*Exercise goal:*
Copy each line below as written, but skip the pictures.

[Dataset records]

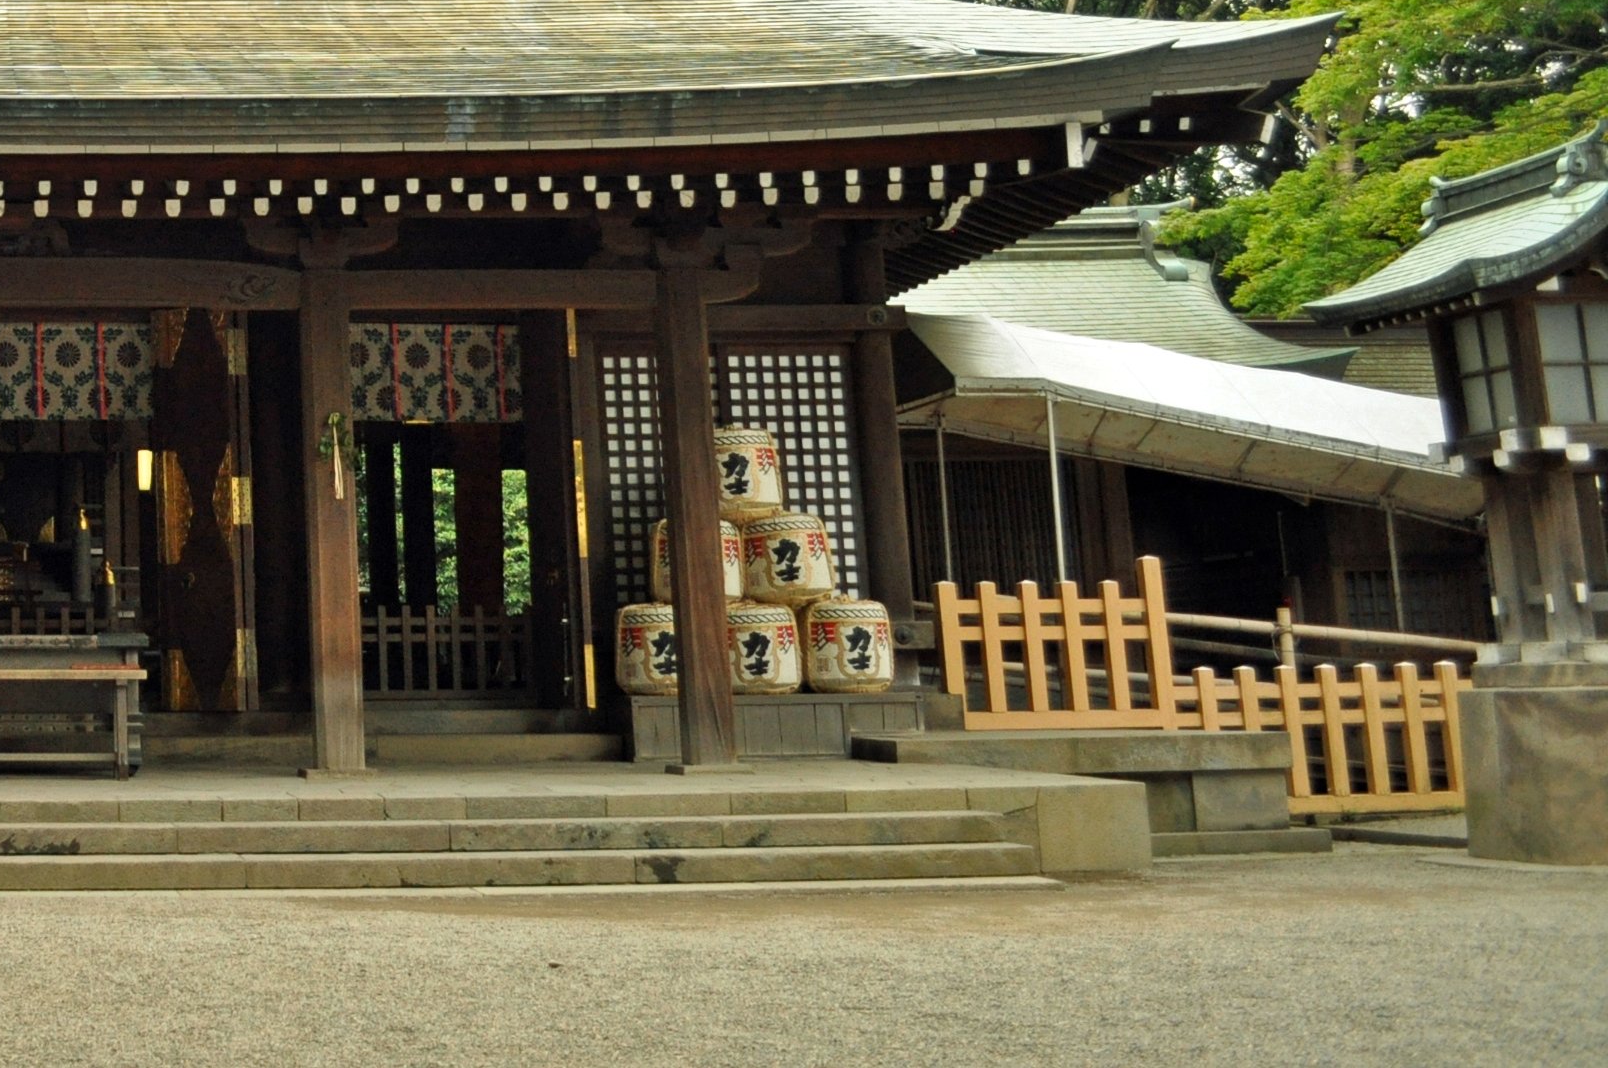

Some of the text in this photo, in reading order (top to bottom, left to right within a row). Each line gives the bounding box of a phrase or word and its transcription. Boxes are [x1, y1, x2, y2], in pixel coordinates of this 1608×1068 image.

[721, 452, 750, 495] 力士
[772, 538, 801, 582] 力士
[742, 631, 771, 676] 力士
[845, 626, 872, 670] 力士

[/Dataset records]

*Exercise response:*
Some of the text in this photo, in reading order (top to bottom, left to right within a row). Each line gives the bounding box of a phrase or word and its transcription. Boxes are [x1, y1, x2, y2], in pixel coordinates of this 1608×1068 image.

[721, 452, 750, 495] 力士
[772, 538, 801, 582] 力士
[742, 631, 771, 676] 力士
[845, 626, 872, 670] 力士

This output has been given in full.